* REQUIRED ACTION:
Set down a faithful copy of every record, and skip the pictures in it.

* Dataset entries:
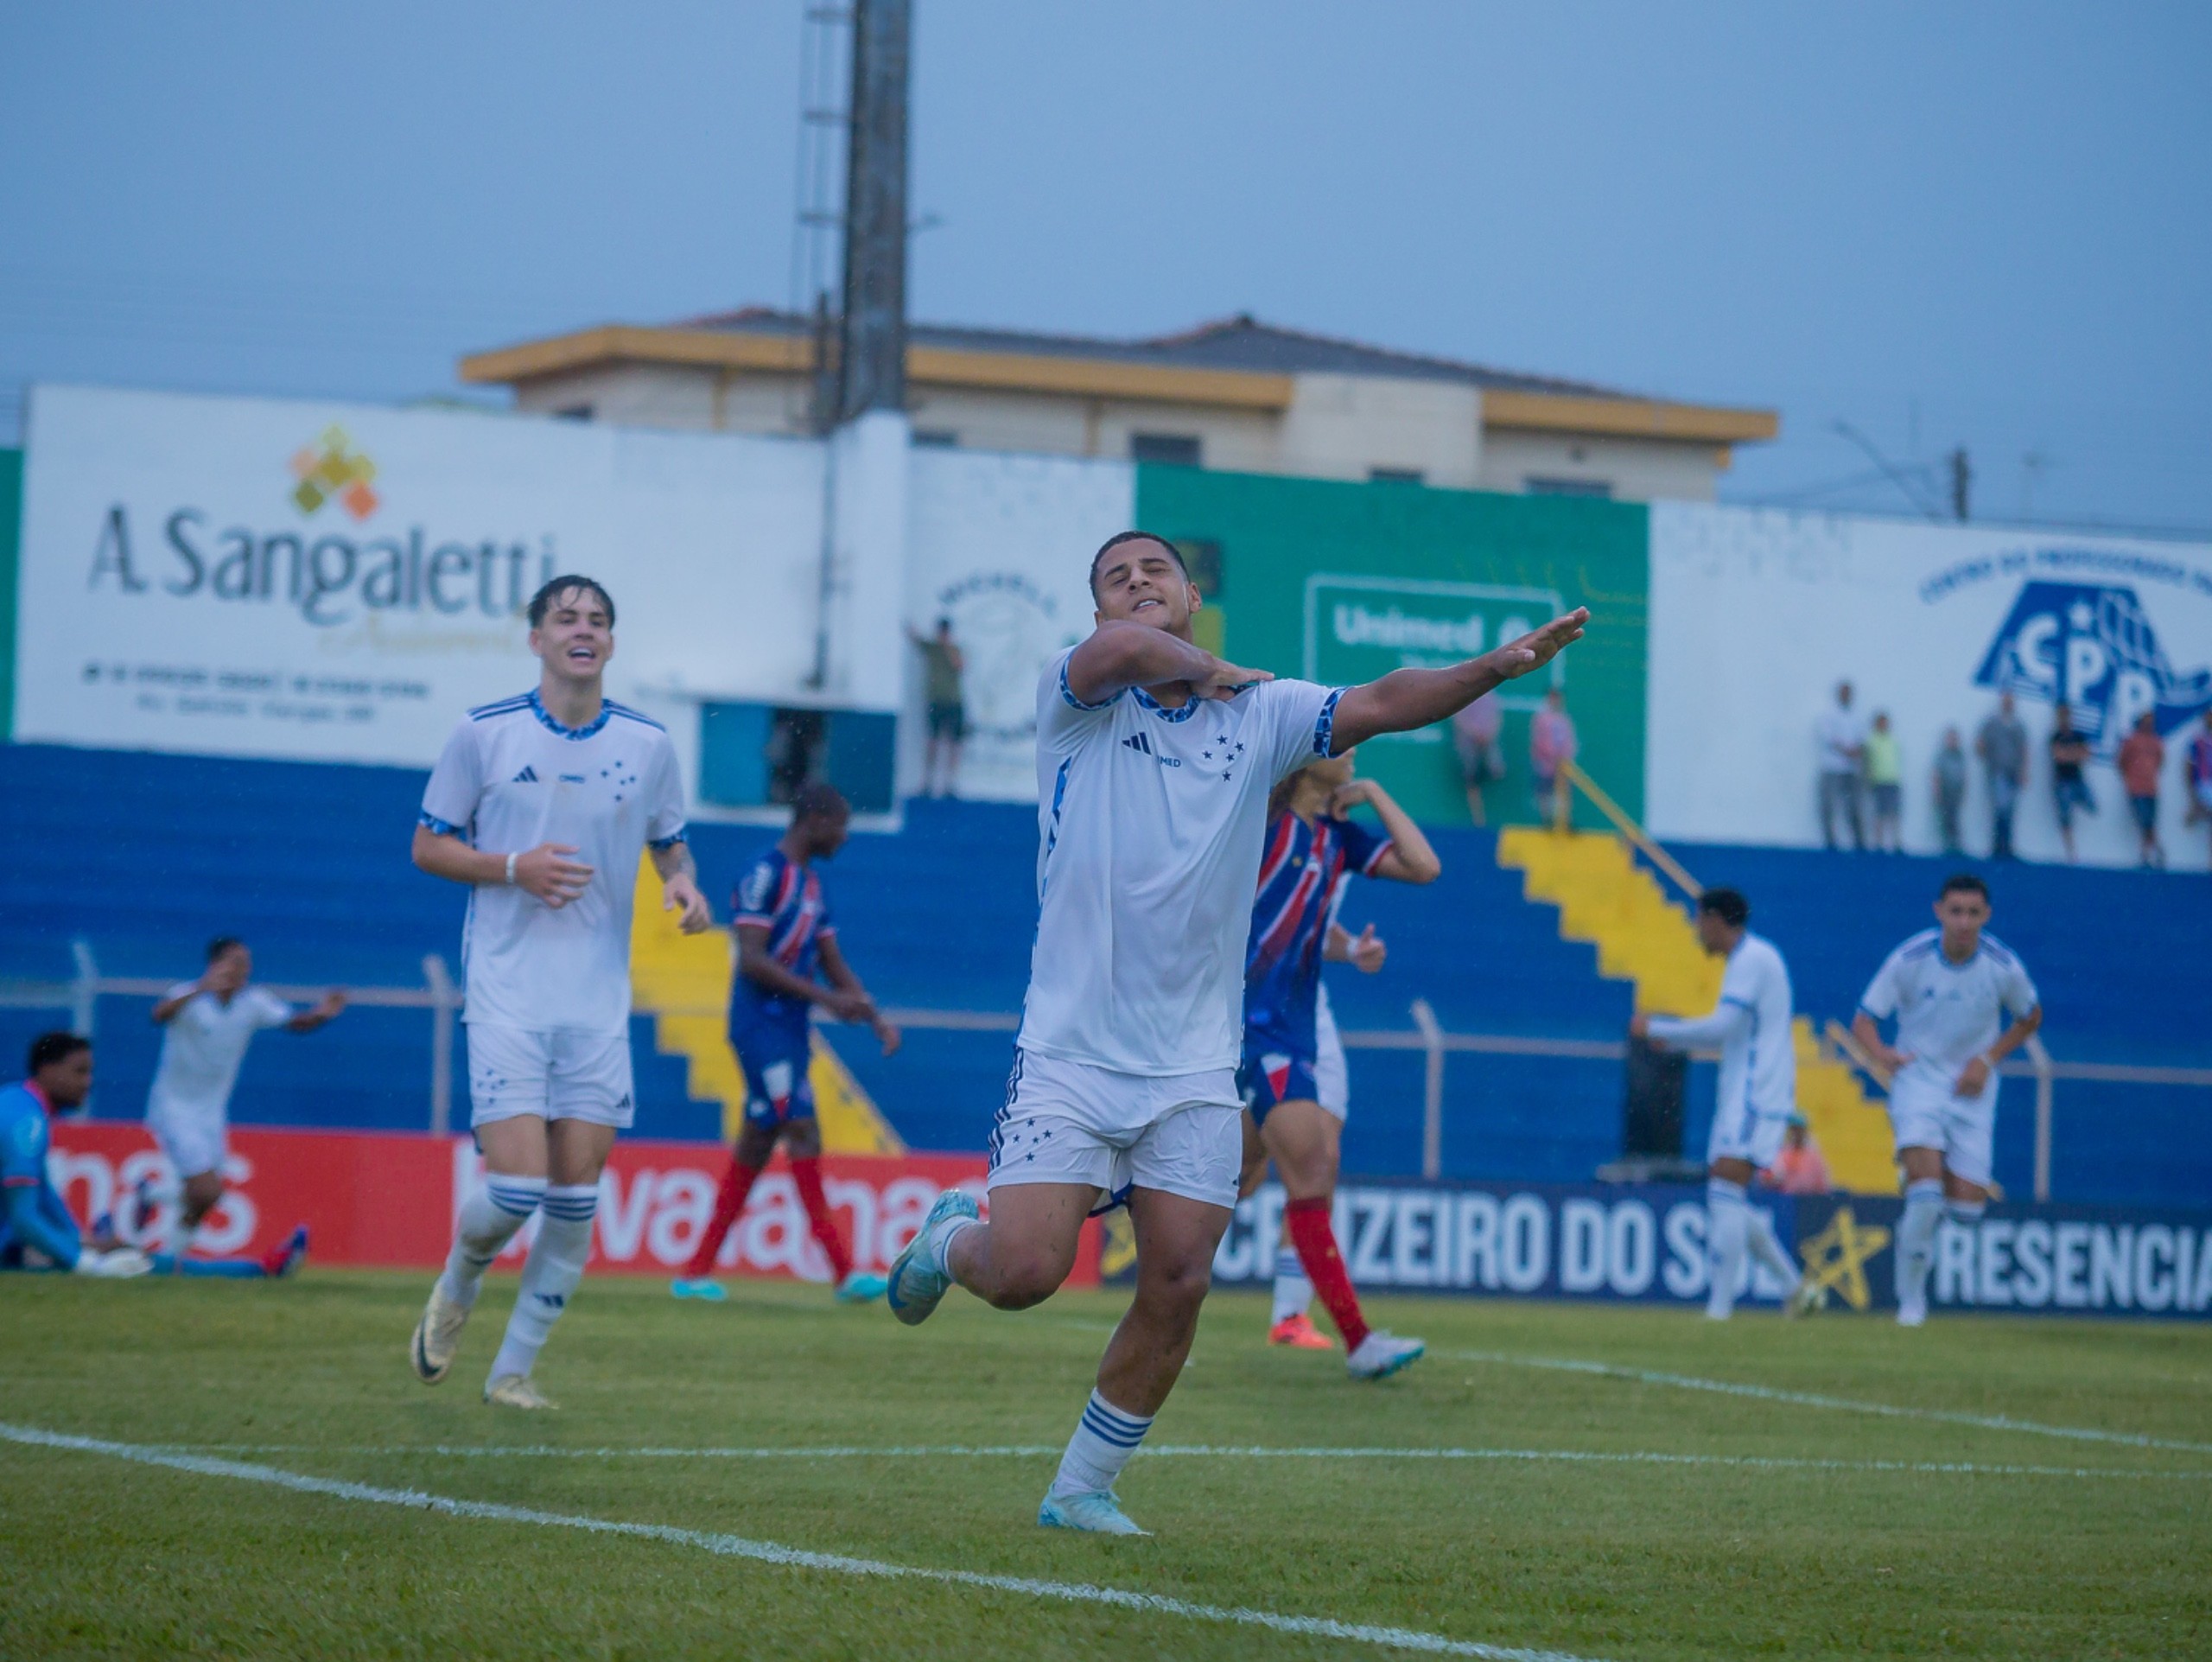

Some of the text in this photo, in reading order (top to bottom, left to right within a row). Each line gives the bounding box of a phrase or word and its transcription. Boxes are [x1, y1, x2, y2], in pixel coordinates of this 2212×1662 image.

[164, 506, 555, 627] Sangaletti
[1332, 602, 1484, 652] Unimed
[1560, 1197, 1656, 1296] DO
[1897, 1218, 2212, 1312] RESENCI

* TASK RESPONSE:
Some of the text in this photo, in reading order (top to bottom, left to right within a row). Each line gives the bounding box of a phrase or word and its transcription. Boxes are [x1, y1, x2, y2], in pixel coordinates of this 2212×1662 image.

[164, 506, 555, 627] Sangaletti
[1332, 602, 1484, 652] Unimed
[1560, 1197, 1656, 1296] DO
[1897, 1218, 2212, 1312] RESENCI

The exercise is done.